▶ Activity
Exact reproduction of all the data is required, with pictures excluded.

[Dataset entries]
= Beginning of Section =

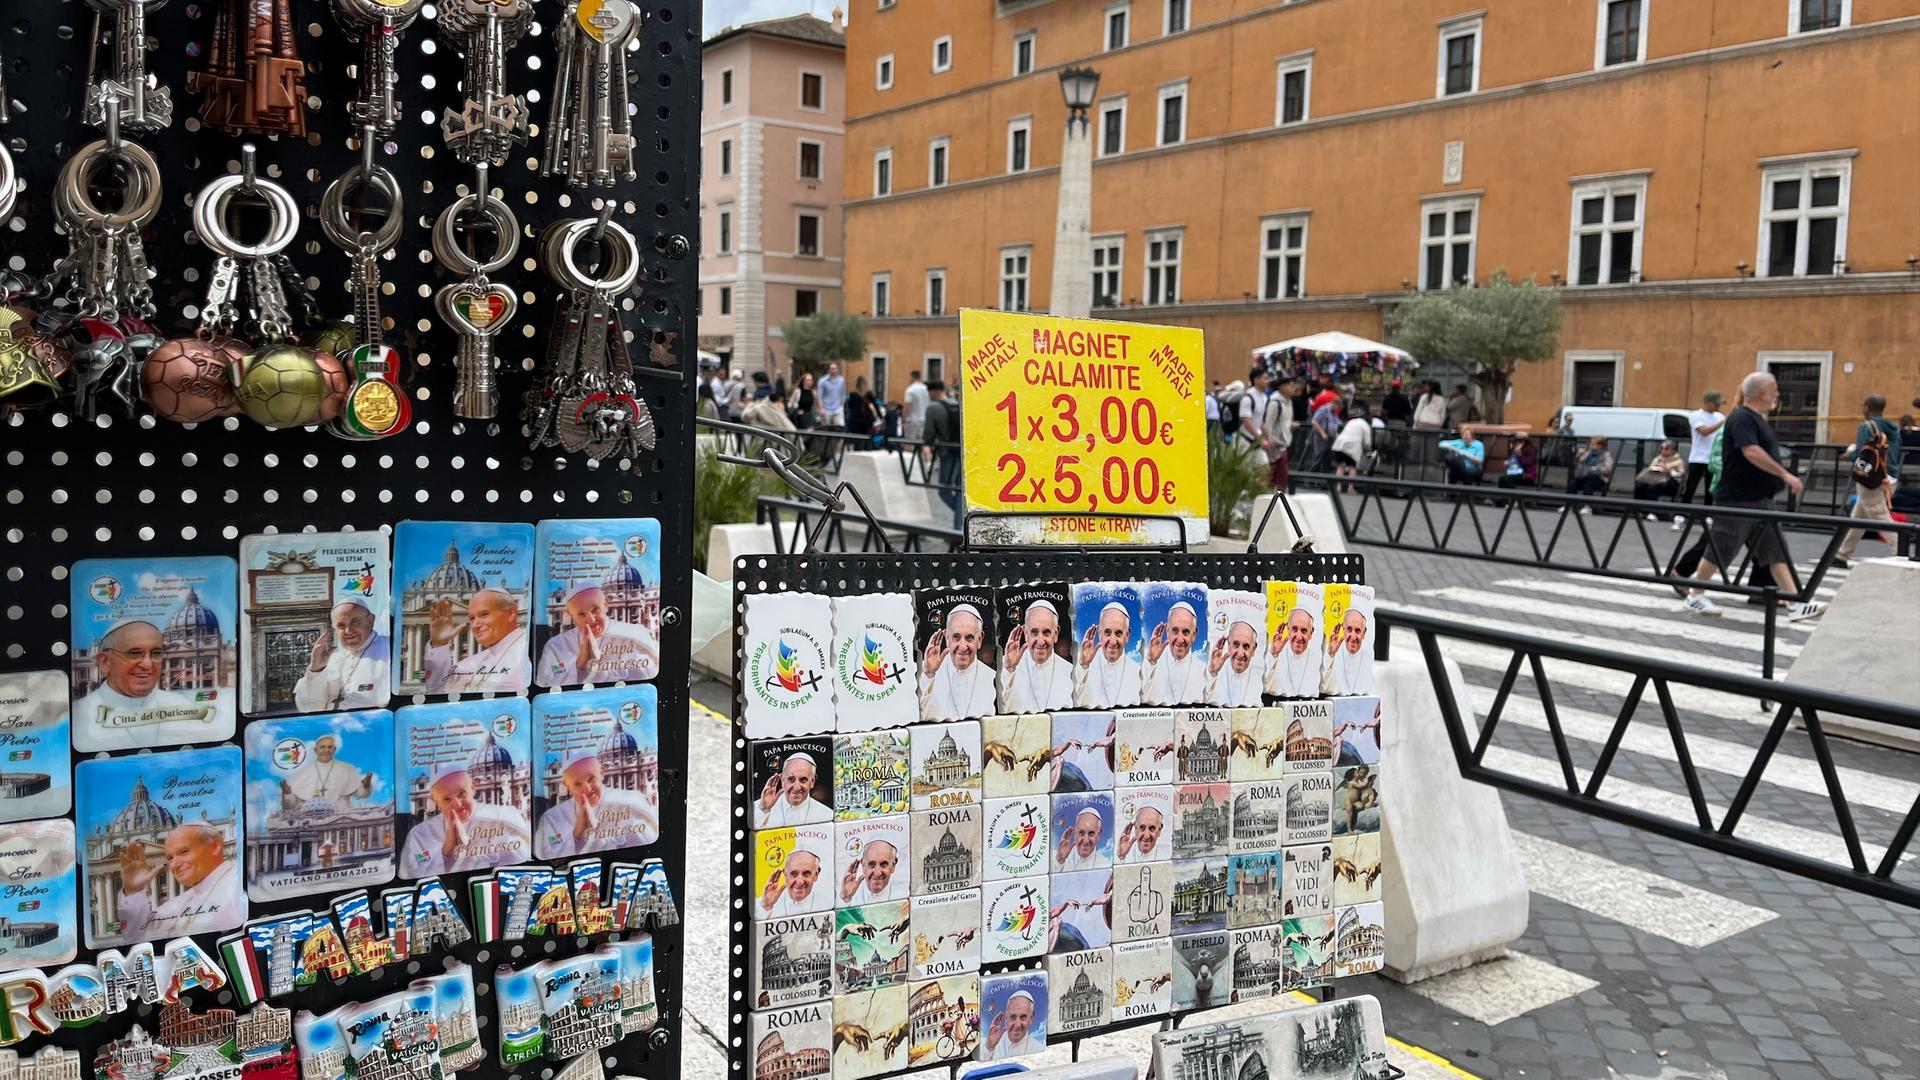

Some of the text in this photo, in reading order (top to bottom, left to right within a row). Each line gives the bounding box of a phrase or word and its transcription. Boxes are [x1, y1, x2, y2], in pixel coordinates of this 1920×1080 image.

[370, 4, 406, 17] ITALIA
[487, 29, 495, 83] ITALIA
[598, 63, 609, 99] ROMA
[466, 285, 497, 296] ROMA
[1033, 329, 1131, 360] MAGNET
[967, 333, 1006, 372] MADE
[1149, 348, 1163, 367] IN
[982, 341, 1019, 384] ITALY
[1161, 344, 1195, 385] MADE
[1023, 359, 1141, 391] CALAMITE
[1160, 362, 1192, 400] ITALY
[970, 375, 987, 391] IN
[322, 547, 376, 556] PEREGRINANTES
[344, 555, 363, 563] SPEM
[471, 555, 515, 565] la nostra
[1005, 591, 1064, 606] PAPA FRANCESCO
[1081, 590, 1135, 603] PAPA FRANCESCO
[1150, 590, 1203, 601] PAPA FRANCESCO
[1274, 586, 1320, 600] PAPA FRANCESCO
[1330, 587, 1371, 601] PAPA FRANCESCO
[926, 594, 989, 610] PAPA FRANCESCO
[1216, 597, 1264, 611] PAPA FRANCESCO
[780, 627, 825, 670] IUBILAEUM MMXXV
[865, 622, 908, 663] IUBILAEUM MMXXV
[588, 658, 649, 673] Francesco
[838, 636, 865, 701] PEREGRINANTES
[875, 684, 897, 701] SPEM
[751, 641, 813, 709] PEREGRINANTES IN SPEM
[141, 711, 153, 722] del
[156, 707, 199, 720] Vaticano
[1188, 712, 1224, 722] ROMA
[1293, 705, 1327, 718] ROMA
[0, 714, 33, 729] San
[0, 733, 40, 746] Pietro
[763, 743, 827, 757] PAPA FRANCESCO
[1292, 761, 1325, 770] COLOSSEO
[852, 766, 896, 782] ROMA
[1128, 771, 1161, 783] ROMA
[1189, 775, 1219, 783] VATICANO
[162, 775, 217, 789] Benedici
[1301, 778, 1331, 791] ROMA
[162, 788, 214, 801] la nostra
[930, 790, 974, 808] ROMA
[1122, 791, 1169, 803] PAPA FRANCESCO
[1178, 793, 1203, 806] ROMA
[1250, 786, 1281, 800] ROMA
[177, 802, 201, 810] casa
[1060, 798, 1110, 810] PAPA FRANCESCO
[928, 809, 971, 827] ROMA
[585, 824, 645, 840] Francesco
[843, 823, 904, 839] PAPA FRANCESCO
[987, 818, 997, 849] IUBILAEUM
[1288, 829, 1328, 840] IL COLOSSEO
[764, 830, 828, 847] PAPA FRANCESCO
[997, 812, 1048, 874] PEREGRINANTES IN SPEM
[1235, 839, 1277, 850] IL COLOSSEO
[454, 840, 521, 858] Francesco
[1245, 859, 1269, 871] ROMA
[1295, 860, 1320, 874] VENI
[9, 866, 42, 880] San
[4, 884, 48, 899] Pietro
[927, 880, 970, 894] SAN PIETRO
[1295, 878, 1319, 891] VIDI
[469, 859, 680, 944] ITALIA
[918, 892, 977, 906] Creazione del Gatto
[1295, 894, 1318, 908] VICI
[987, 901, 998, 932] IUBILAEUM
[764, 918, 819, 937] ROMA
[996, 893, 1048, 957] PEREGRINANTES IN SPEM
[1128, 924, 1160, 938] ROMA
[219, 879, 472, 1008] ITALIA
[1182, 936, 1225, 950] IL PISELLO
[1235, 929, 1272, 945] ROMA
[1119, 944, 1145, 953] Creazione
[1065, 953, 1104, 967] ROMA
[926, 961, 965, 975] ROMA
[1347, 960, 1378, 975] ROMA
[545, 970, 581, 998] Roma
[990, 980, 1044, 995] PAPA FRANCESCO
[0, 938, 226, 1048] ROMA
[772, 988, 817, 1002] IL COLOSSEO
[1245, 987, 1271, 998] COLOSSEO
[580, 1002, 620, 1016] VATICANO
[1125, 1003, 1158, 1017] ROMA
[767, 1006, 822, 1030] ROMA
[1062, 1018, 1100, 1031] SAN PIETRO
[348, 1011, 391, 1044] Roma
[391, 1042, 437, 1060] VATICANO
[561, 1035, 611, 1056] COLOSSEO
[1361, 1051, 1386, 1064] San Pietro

= End of Section =

▶ Solved problem
Some of the text in this photo, in reading order (top to bottom, left to right within a row). Each line gives the bounding box of a phrase or word and its transcription. Boxes are [x1, y1, x2, y2], in pixel coordinates of this 1920×1080 image.

[370, 4, 406, 17] ITALIA
[487, 29, 495, 83] ITALIA
[598, 63, 609, 99] ROMA
[466, 285, 497, 296] ROMA
[1033, 329, 1131, 360] MAGNET
[967, 333, 1006, 372] MADE
[1149, 348, 1163, 367] IN
[982, 341, 1019, 384] ITALY
[1161, 344, 1195, 385] MADE
[1023, 359, 1141, 391] CALAMITE
[1160, 362, 1192, 400] ITALY
[970, 375, 987, 391] IN
[322, 547, 376, 556] PEREGRINANTES
[344, 555, 363, 563] SPEM
[471, 555, 515, 565] la nostra
[1005, 591, 1064, 606] PAPA FRANCESCO
[1081, 590, 1135, 603] PAPA FRANCESCO
[1150, 590, 1203, 601] PAPA FRANCESCO
[1274, 586, 1320, 600] PAPA FRANCESCO
[1330, 587, 1371, 601] PAPA FRANCESCO
[926, 594, 989, 610] PAPA FRANCESCO
[1216, 597, 1264, 611] PAPA FRANCESCO
[780, 627, 825, 670] IUBILAEUM MMXXV
[865, 622, 908, 663] IUBILAEUM MMXXV
[588, 658, 649, 673] Francesco
[838, 636, 865, 701] PEREGRINANTES
[875, 684, 897, 701] SPEM
[751, 641, 813, 709] PEREGRINANTES IN SPEM
[141, 711, 153, 722] del
[156, 707, 199, 720] Vaticano
[1188, 712, 1224, 722] ROMA
[1293, 705, 1327, 718] ROMA
[0, 714, 33, 729] San
[0, 733, 40, 746] Pietro
[763, 743, 827, 757] PAPA FRANCESCO
[1292, 761, 1325, 770] COLOSSEO
[852, 766, 896, 782] ROMA
[1128, 771, 1161, 783] ROMA
[1189, 775, 1219, 783] VATICANO
[162, 775, 217, 789] Benedici
[1301, 778, 1331, 791] ROMA
[162, 788, 214, 801] la nostra
[930, 790, 974, 808] ROMA
[1122, 791, 1169, 803] PAPA FRANCESCO
[1178, 793, 1203, 806] ROMA
[1250, 786, 1281, 800] ROMA
[177, 802, 201, 810] casa
[1060, 798, 1110, 810] PAPA FRANCESCO
[928, 809, 971, 827] ROMA
[585, 824, 645, 840] Francesco
[843, 823, 904, 839] PAPA FRANCESCO
[987, 818, 997, 849] IUBILAEUM
[1288, 829, 1328, 840] IL COLOSSEO
[764, 830, 828, 847] PAPA FRANCESCO
[997, 812, 1048, 874] PEREGRINANTES IN SPEM
[1235, 839, 1277, 850] IL COLOSSEO
[454, 840, 521, 858] Francesco
[1245, 859, 1269, 871] ROMA
[1295, 860, 1320, 874] VENI
[9, 866, 42, 880] San
[4, 884, 48, 899] Pietro
[927, 880, 970, 894] SAN PIETRO
[1295, 878, 1319, 891] VIDI
[469, 859, 680, 944] ITALIA
[918, 892, 977, 906] Creazione del Gatto
[1295, 894, 1318, 908] VICI
[987, 901, 998, 932] IUBILAEUM
[764, 918, 819, 937] ROMA
[996, 893, 1048, 957] PEREGRINANTES IN SPEM
[1128, 924, 1160, 938] ROMA
[219, 879, 472, 1008] ITALIA
[1182, 936, 1225, 950] IL PISELLO
[1235, 929, 1272, 945] ROMA
[1119, 944, 1145, 953] Creazione
[1065, 953, 1104, 967] ROMA
[926, 961, 965, 975] ROMA
[1347, 960, 1378, 975] ROMA
[545, 970, 581, 998] Roma
[990, 980, 1044, 995] PAPA FRANCESCO
[0, 938, 226, 1048] ROMA
[772, 988, 817, 1002] IL COLOSSEO
[1245, 987, 1271, 998] COLOSSEO
[580, 1002, 620, 1016] VATICANO
[1125, 1003, 1158, 1017] ROMA
[767, 1006, 822, 1030] ROMA
[1062, 1018, 1100, 1031] SAN PIETRO
[348, 1011, 391, 1044] Roma
[391, 1042, 437, 1060] VATICANO
[561, 1035, 611, 1056] COLOSSEO
[1361, 1051, 1386, 1064] San Pietro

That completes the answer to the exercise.